§ What you are asked to do: Leave out all images and set down the records exactly as given.

§ Supplied data:
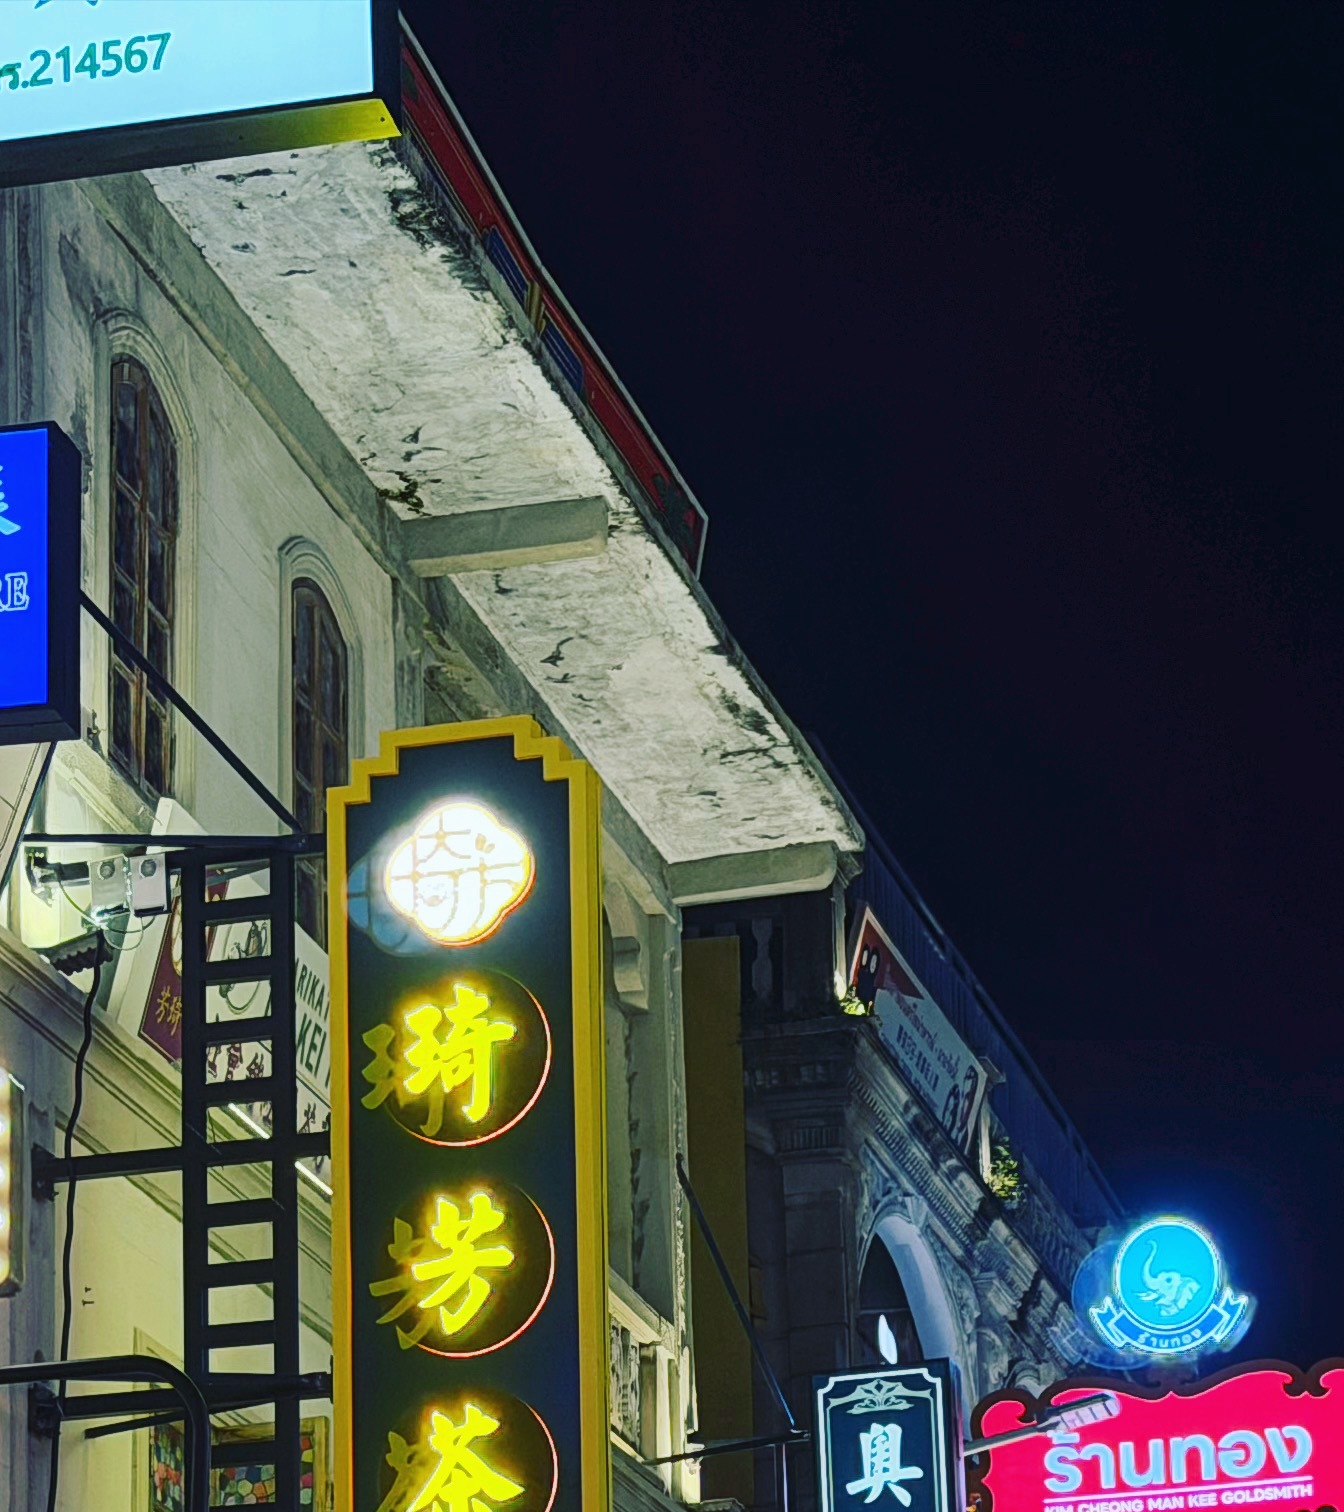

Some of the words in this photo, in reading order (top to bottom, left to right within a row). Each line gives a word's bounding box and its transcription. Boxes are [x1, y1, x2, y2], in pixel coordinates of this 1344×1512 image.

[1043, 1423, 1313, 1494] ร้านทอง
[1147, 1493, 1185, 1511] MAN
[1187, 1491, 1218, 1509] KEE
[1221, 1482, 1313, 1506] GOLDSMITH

§ Written response:
Some of the words in this photo, in reading order (top to bottom, left to right within a row). Each line gives a word's bounding box and its transcription. Boxes are [x1, y1, x2, y2], in pixel coordinates of this 1344×1512 image.

[1043, 1423, 1313, 1494] ร้านทอง
[1147, 1493, 1185, 1511] MAN
[1187, 1491, 1218, 1509] KEE
[1221, 1482, 1313, 1506] GOLDSMITH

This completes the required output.